=== Records provided ===

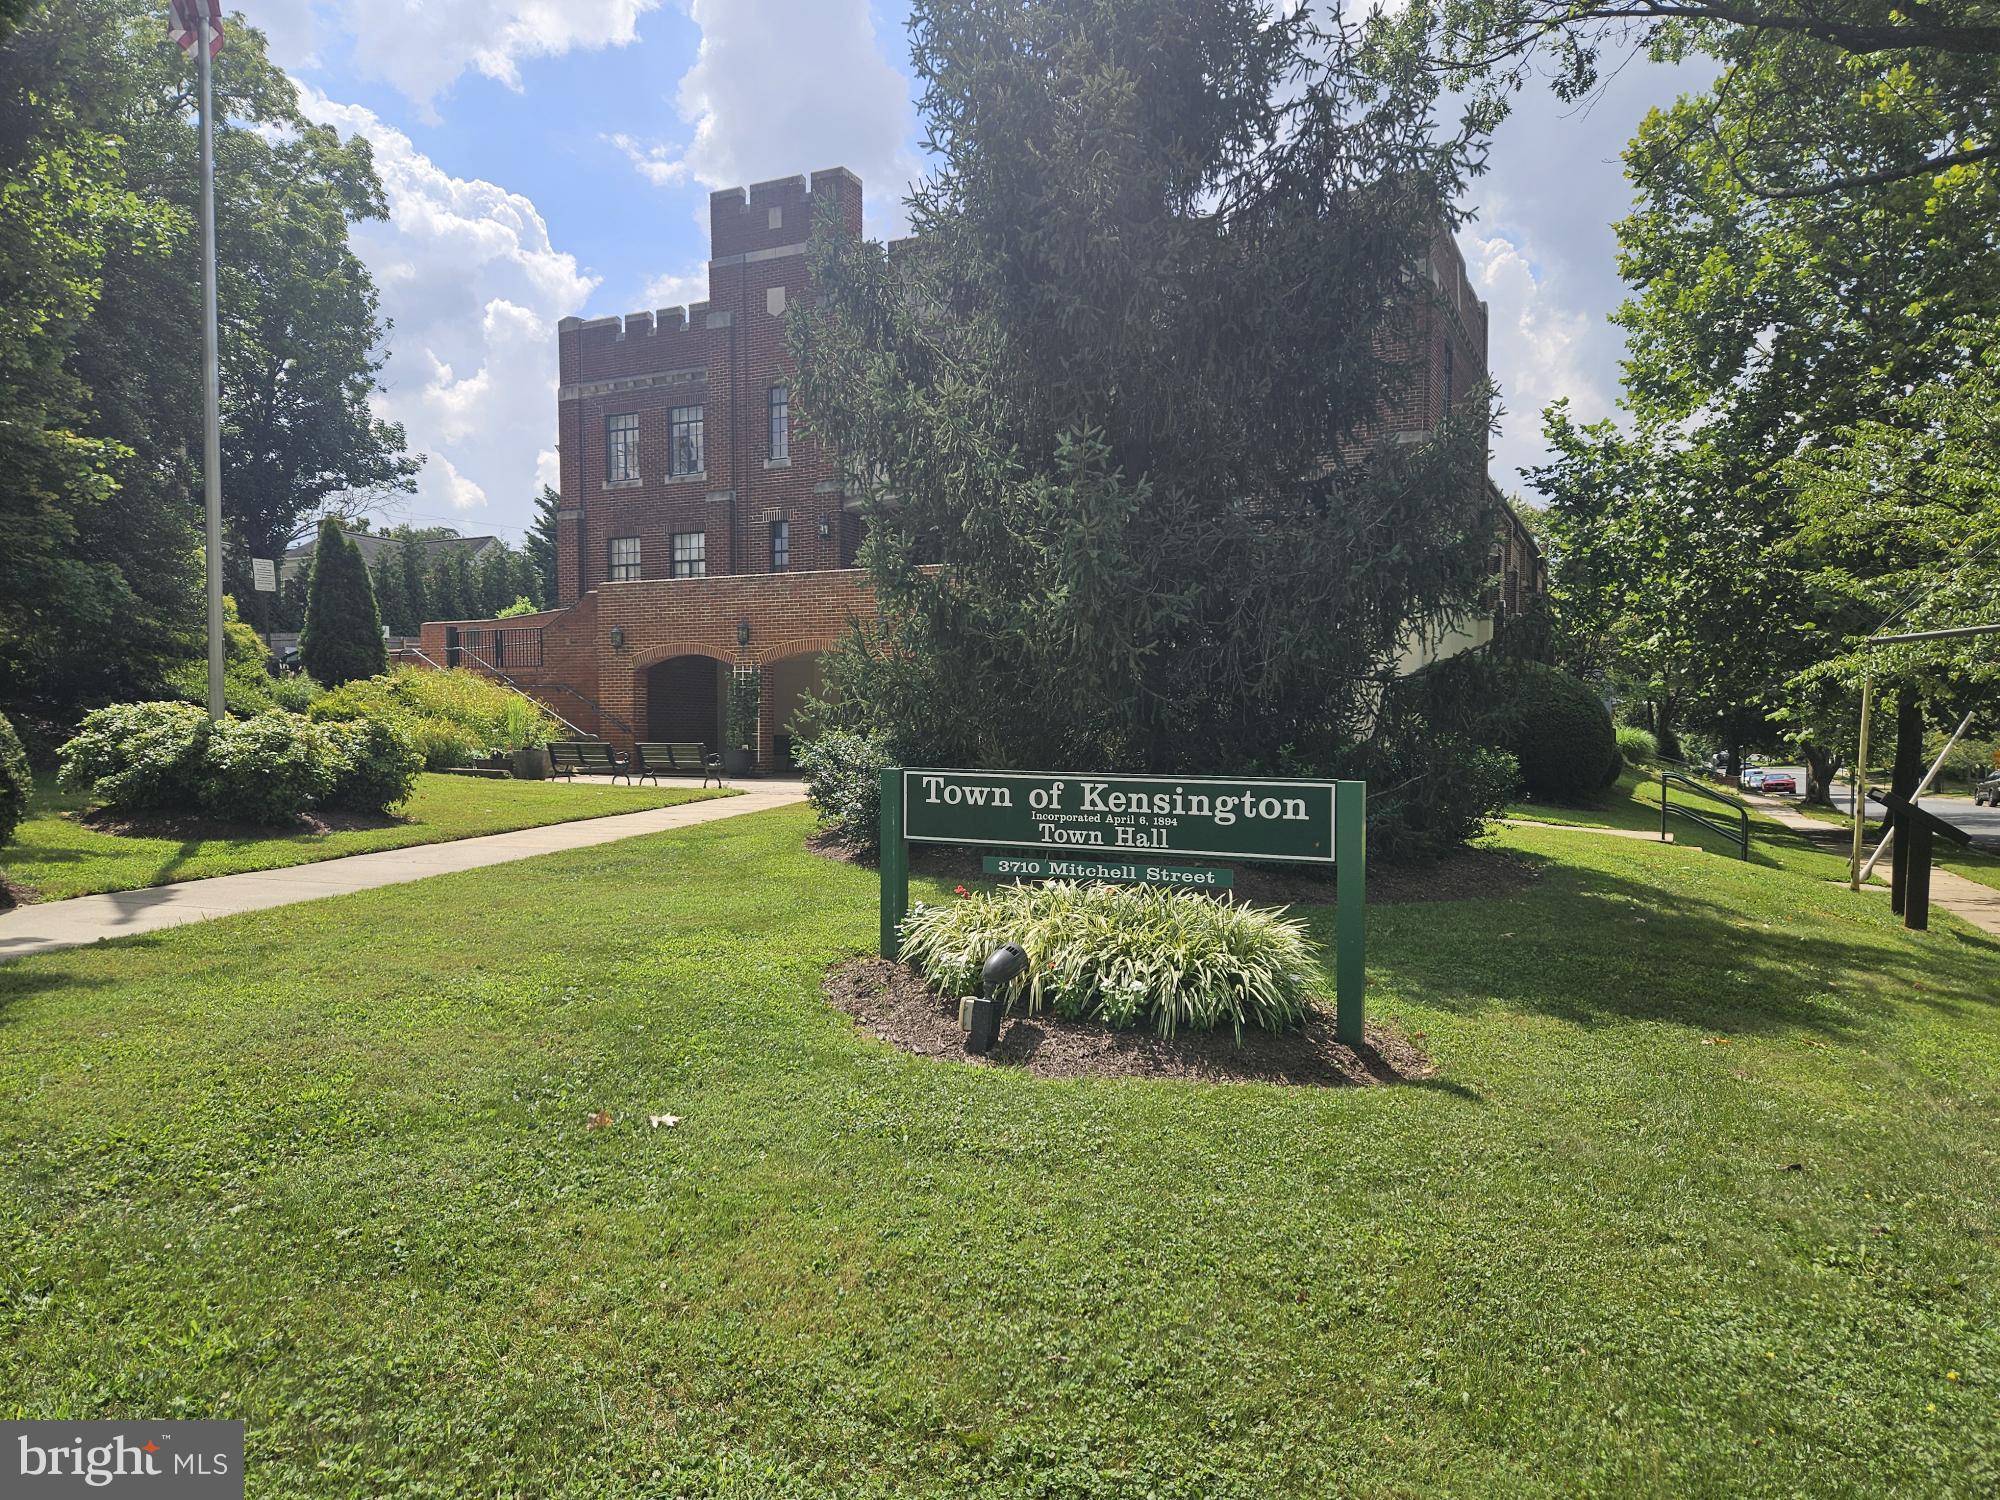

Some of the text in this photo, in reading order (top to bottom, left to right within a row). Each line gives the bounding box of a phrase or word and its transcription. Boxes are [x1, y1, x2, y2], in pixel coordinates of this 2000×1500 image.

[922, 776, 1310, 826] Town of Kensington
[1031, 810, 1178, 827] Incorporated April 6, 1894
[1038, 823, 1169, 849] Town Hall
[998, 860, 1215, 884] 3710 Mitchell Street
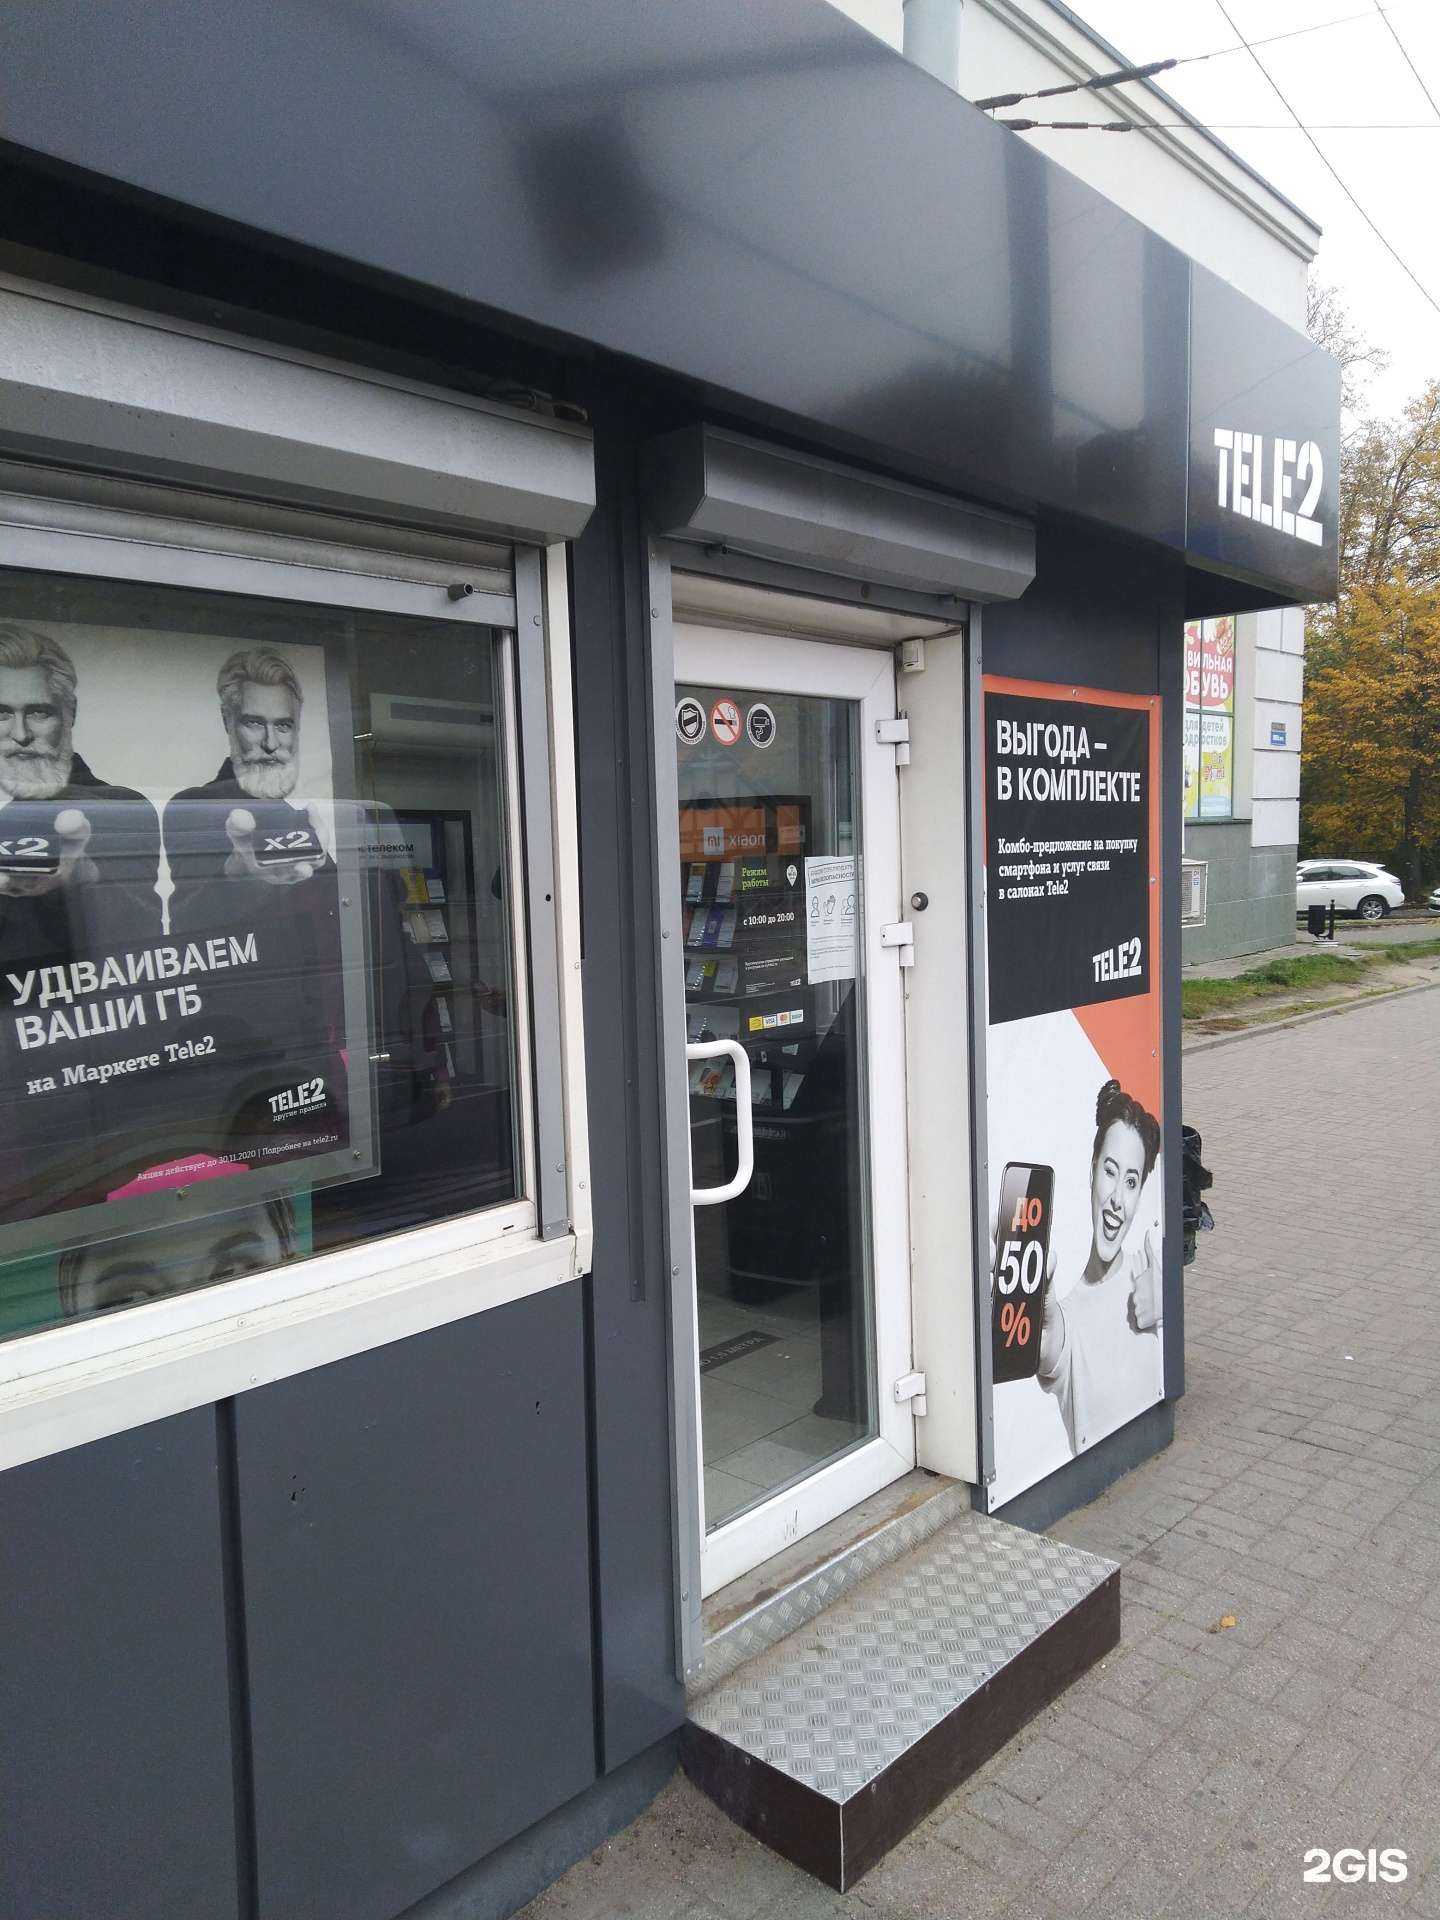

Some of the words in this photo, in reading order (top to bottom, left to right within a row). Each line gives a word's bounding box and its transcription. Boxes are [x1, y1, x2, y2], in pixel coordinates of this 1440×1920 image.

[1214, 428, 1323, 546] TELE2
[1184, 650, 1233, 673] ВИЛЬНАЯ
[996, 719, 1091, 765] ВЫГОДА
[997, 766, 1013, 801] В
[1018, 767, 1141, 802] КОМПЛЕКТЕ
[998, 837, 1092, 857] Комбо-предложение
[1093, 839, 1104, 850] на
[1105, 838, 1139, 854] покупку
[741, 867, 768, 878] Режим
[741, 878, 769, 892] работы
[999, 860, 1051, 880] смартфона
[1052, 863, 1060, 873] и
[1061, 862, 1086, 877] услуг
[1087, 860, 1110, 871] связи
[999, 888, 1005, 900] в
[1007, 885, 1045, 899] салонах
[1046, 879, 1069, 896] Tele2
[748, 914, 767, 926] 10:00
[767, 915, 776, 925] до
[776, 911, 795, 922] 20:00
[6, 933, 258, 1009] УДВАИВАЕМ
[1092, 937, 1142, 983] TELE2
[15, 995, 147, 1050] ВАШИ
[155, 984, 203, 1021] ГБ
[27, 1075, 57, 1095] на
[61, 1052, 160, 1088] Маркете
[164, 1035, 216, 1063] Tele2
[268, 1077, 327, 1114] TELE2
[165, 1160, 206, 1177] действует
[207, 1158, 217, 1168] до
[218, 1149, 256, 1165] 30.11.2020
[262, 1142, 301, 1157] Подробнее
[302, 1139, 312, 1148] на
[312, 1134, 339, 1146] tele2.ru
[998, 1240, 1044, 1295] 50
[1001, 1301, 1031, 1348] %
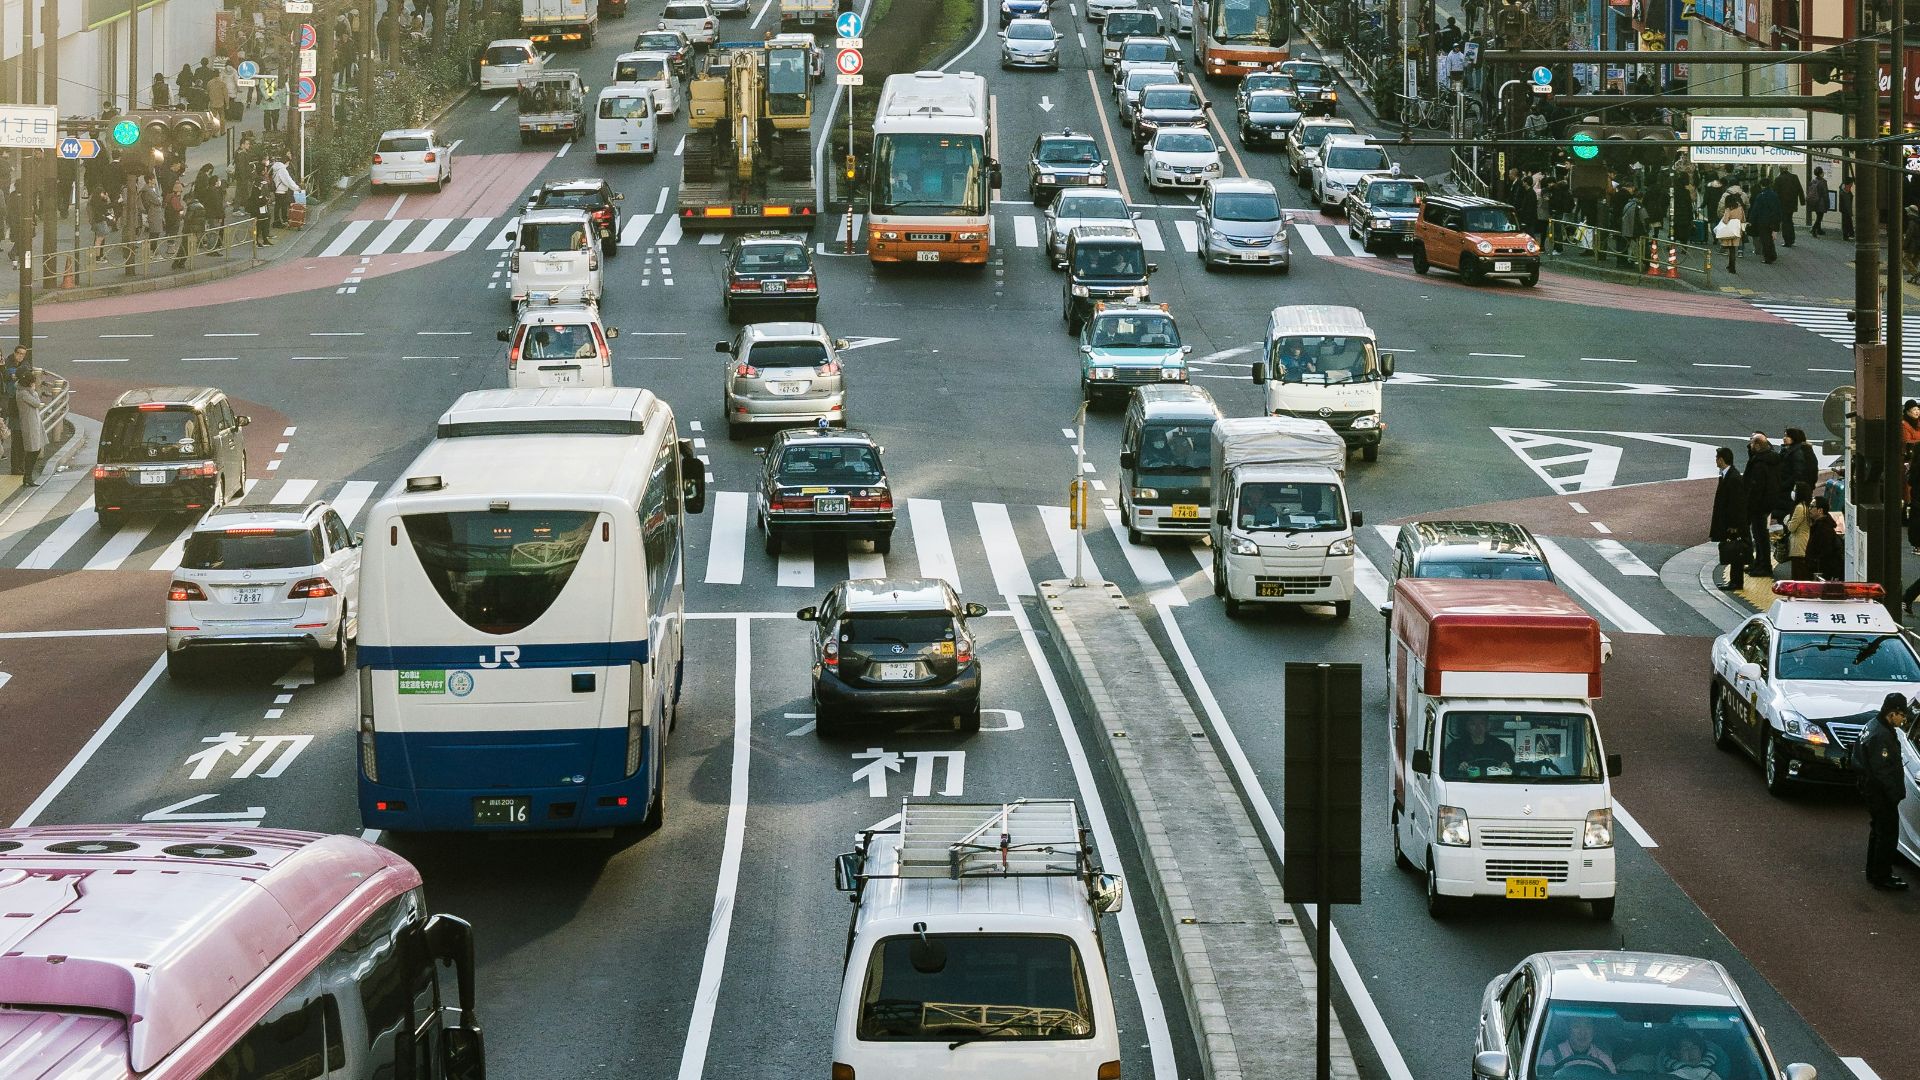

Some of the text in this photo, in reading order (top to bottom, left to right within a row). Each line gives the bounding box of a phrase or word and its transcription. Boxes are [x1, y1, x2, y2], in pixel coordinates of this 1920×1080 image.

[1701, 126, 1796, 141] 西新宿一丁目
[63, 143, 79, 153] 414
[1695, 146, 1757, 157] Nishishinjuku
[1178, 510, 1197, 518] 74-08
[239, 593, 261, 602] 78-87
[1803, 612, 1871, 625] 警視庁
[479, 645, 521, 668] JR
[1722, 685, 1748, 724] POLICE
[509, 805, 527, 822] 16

===

Problem description:
If a record contains a picture, drop the picture and repeat the rest exactly.

Reply:
Some of the text in this photo, in reading order (top to bottom, left to right within a row). Each line gives the bounding box of a phrase or word and its transcription. Boxes are [x1, y1, x2, y2], in pixel coordinates of this 2000×1500 image.

[922, 776, 1310, 826] Town of Kensington
[1031, 810, 1178, 827] Incorporated April 6, 1894
[1038, 823, 1169, 849] Town Hall
[998, 860, 1215, 884] 3710 Mitchell Street

Some of the words in this photo, in reading order (top to bottom, left to right within a row). Each line gives a word's bounding box and its transcription. Boxes are [x1, y1, x2, y2], in pixel coordinates of this 1440×1920 image.

[1214, 428, 1323, 546] TELE2
[1184, 650, 1233, 673] ВИЛЬНАЯ
[996, 719, 1091, 765] ВЫГОДА
[997, 766, 1013, 801] В
[1018, 767, 1141, 802] КОМПЛЕКТЕ
[998, 837, 1092, 857] Комбо-предложение
[1093, 839, 1104, 850] на
[1105, 838, 1139, 854] покупку
[741, 867, 768, 878] Режим
[741, 878, 769, 892] работы
[999, 860, 1051, 880] смартфона
[1052, 863, 1060, 873] и
[1061, 862, 1086, 877] услуг
[1087, 860, 1110, 871] связи
[999, 888, 1005, 900] в
[1007, 885, 1045, 899] салонах
[1046, 879, 1069, 896] Tele2
[748, 914, 767, 926] 10:00
[767, 915, 776, 925] до
[776, 911, 795, 922] 20:00
[6, 933, 258, 1009] УДВАИВАЕМ
[1092, 937, 1142, 983] TELE2
[15, 995, 147, 1050] ВАШИ
[155, 984, 203, 1021] ГБ
[27, 1075, 57, 1095] на
[61, 1052, 160, 1088] Маркете
[164, 1035, 216, 1063] Tele2
[268, 1077, 327, 1114] TELE2
[165, 1160, 206, 1177] действует
[207, 1158, 217, 1168] до
[218, 1149, 256, 1165] 30.11.2020
[262, 1142, 301, 1157] Подробнее
[302, 1139, 312, 1148] на
[312, 1134, 339, 1146] tele2.ru
[998, 1240, 1044, 1295] 50
[1001, 1301, 1031, 1348] %

Some of the text in this photo, in reading order (top to bottom, left to right within a row). Each line gives the bounding box of a phrase or word and its transcription. Boxes are [x1, y1, x2, y2], in pixel coordinates of this 1920×1080 image.

[1701, 126, 1796, 141] 西新宿一丁目
[63, 143, 79, 153] 414
[1695, 146, 1757, 157] Nishishinjuku
[1178, 510, 1197, 518] 74-08
[239, 593, 261, 602] 78-87
[1803, 612, 1871, 625] 警視庁
[479, 645, 521, 668] JR
[1722, 685, 1748, 724] POLICE
[509, 805, 527, 822] 16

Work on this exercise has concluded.